**EXERCISE GOAL**:
Exact transcription, pictures omitted: reproduce the listing below.

[RECORDS FOR THE EXERCISE — start]

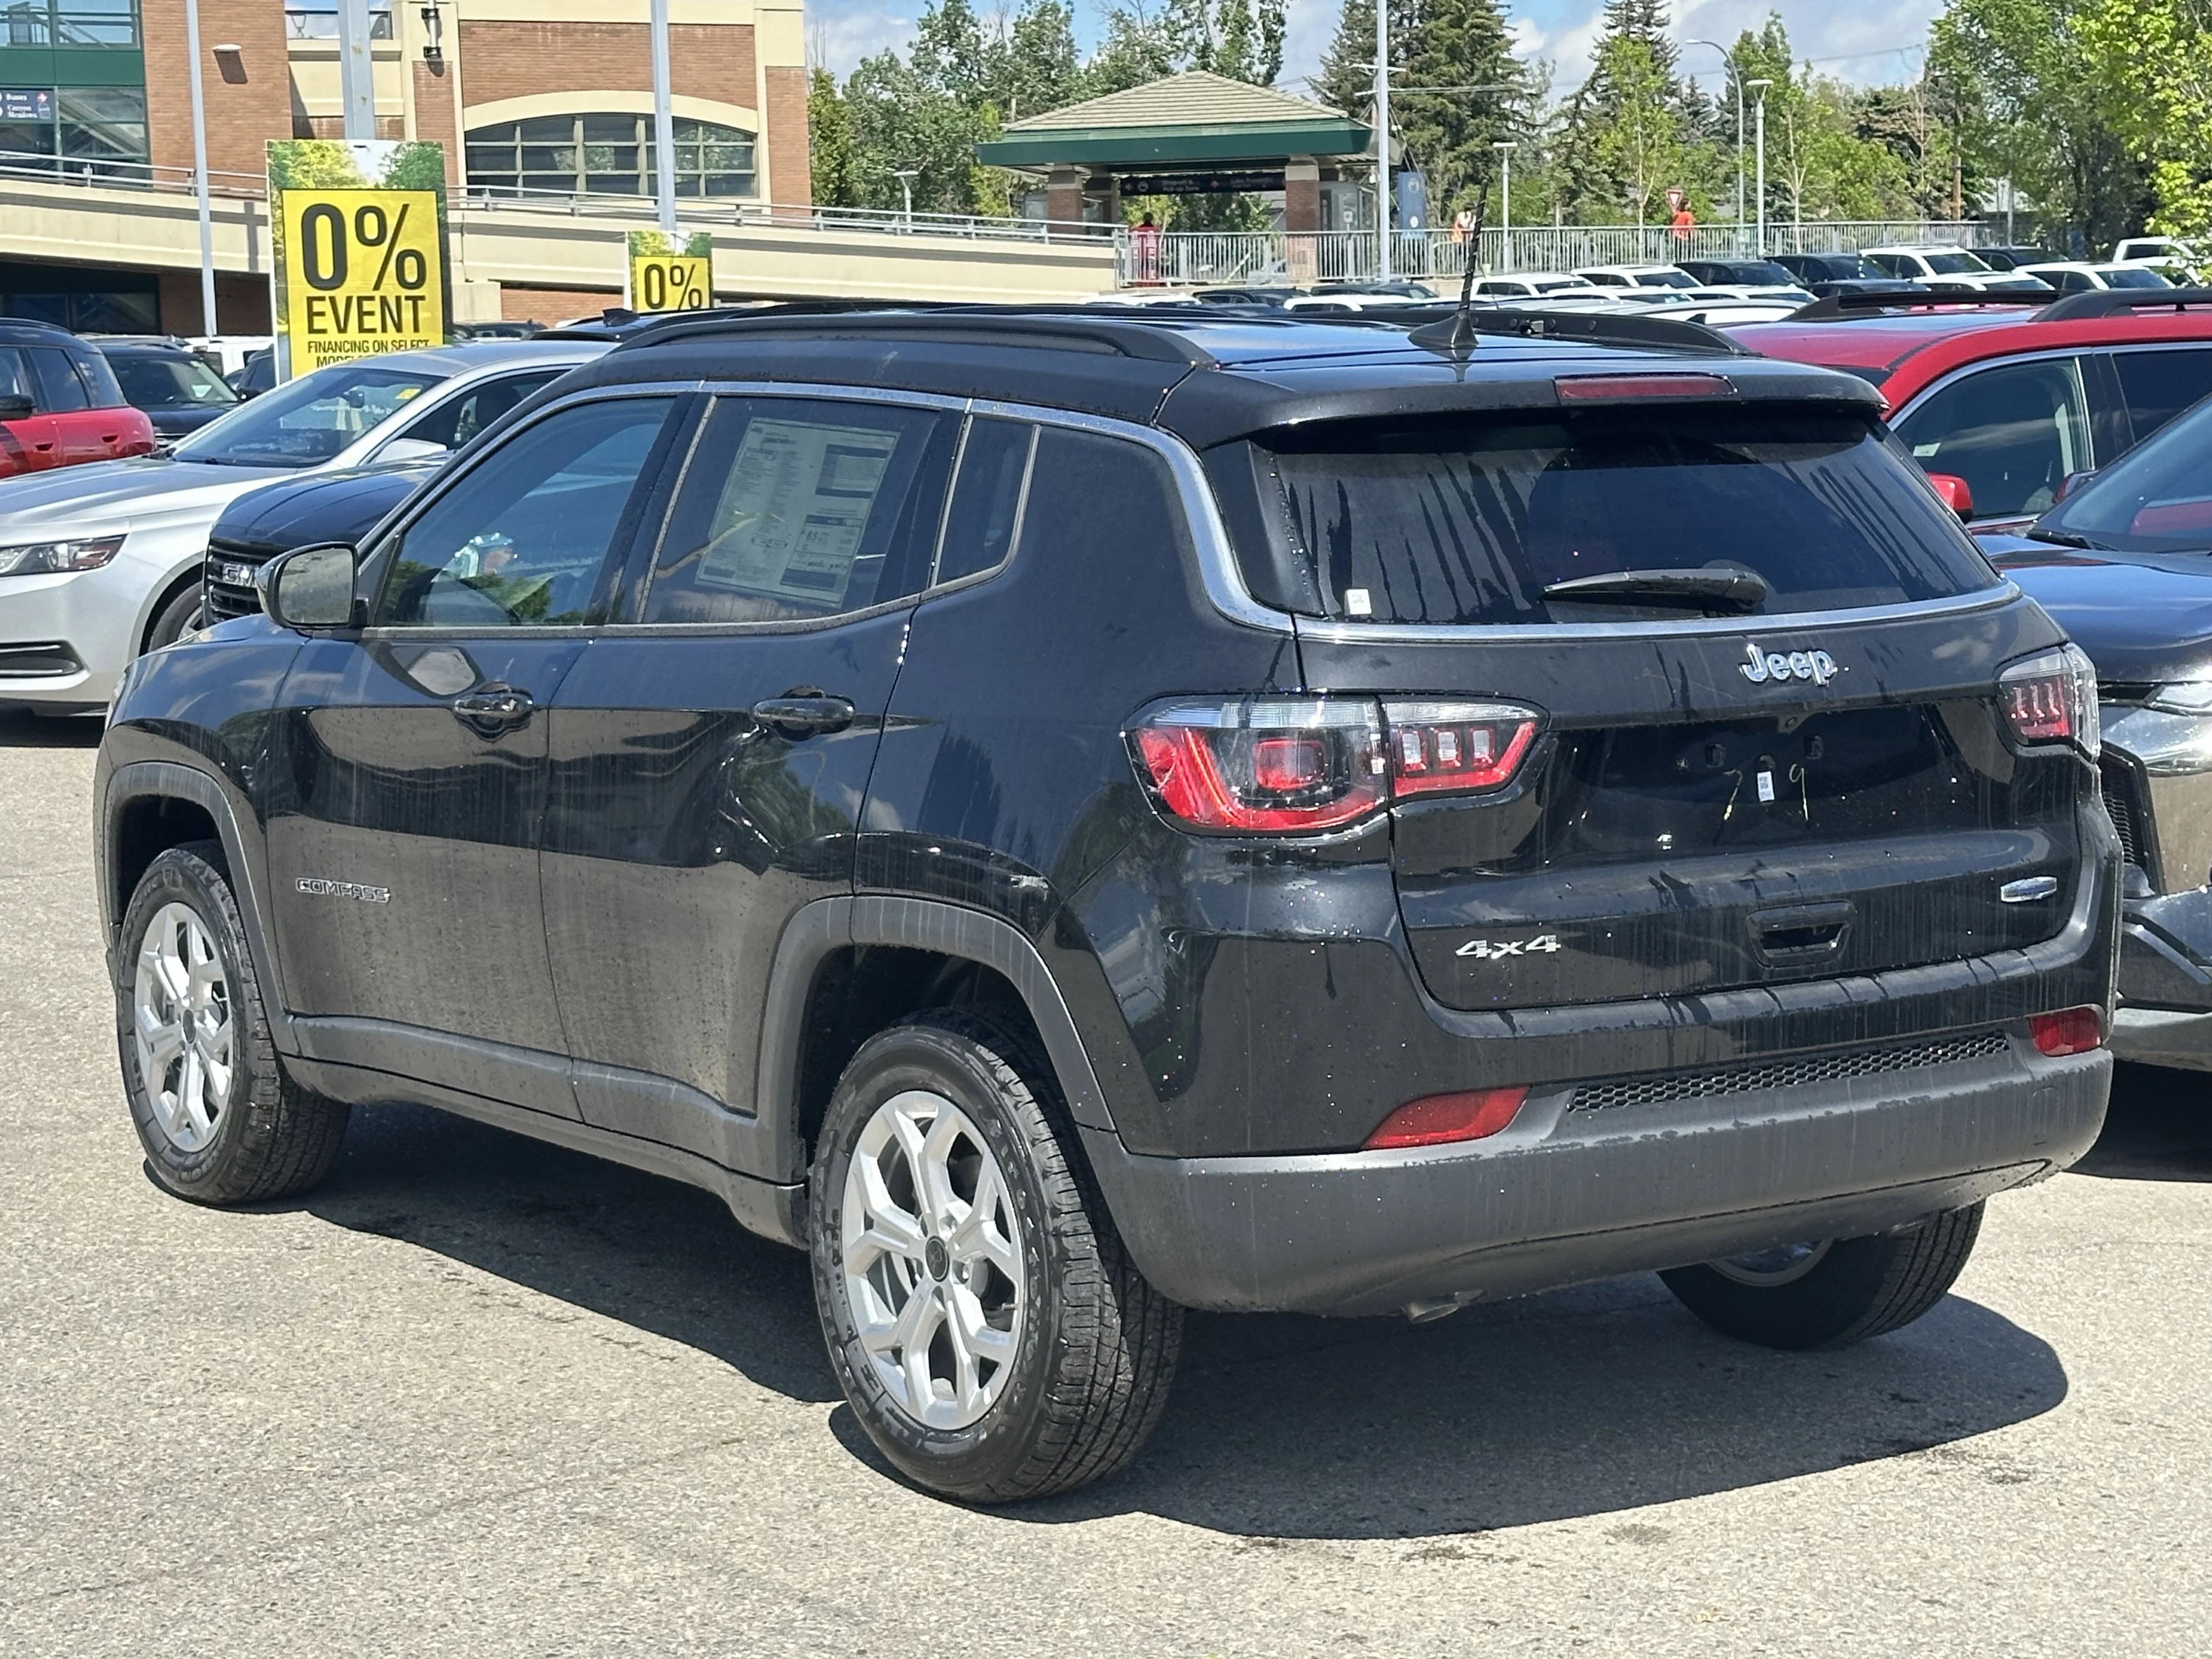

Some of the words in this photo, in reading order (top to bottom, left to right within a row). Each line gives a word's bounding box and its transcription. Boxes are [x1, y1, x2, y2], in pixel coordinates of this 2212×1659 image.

[301, 203, 427, 291] 0%
[644, 263, 703, 311] 0%
[306, 295, 426, 334] EVENT
[308, 340, 370, 353] FINANCING
[373, 339, 388, 353] ON
[223, 563, 260, 588] GM
[1739, 644, 1836, 685] Jeep
[295, 878, 391, 903] COMPASS
[1455, 934, 1561, 960] 4x4

[RECORDS FOR THE EXERCISE — finish]

**RESPONSE BOX**:
Some of the words in this photo, in reading order (top to bottom, left to right within a row). Each line gives a word's bounding box and its transcription. Boxes are [x1, y1, x2, y2], in pixel coordinates of this 2212×1659 image.

[301, 203, 427, 291] 0%
[644, 263, 703, 311] 0%
[306, 295, 426, 334] EVENT
[308, 340, 370, 353] FINANCING
[373, 339, 388, 353] ON
[223, 563, 260, 588] GM
[1739, 644, 1836, 685] Jeep
[295, 878, 391, 903] COMPASS
[1455, 934, 1561, 960] 4x4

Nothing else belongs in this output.